### YOUR INSTRUCTIONS
Lines before the one containing "Some of the words" are to be skipped; reproduce that line and the rest of the records below exactly.

**********

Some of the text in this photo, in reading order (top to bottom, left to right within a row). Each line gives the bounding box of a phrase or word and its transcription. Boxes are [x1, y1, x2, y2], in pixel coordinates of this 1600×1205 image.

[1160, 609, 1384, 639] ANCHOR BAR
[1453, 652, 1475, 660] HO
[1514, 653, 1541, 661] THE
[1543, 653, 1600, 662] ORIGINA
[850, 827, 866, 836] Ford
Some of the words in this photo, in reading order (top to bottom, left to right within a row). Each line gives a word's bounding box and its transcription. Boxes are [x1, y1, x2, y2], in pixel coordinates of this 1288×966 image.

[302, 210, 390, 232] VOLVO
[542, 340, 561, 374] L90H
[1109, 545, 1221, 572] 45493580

**********

### RESPONSE BELOW
Some of the words in this photo, in reading order (top to bottom, left to right within a row). Each line gives a word's bounding box and its transcription. Boxes are [x1, y1, x2, y2], in pixel coordinates of this 1288×966 image.

[302, 210, 390, 232] VOLVO
[542, 340, 561, 374] L90H
[1109, 545, 1221, 572] 45493580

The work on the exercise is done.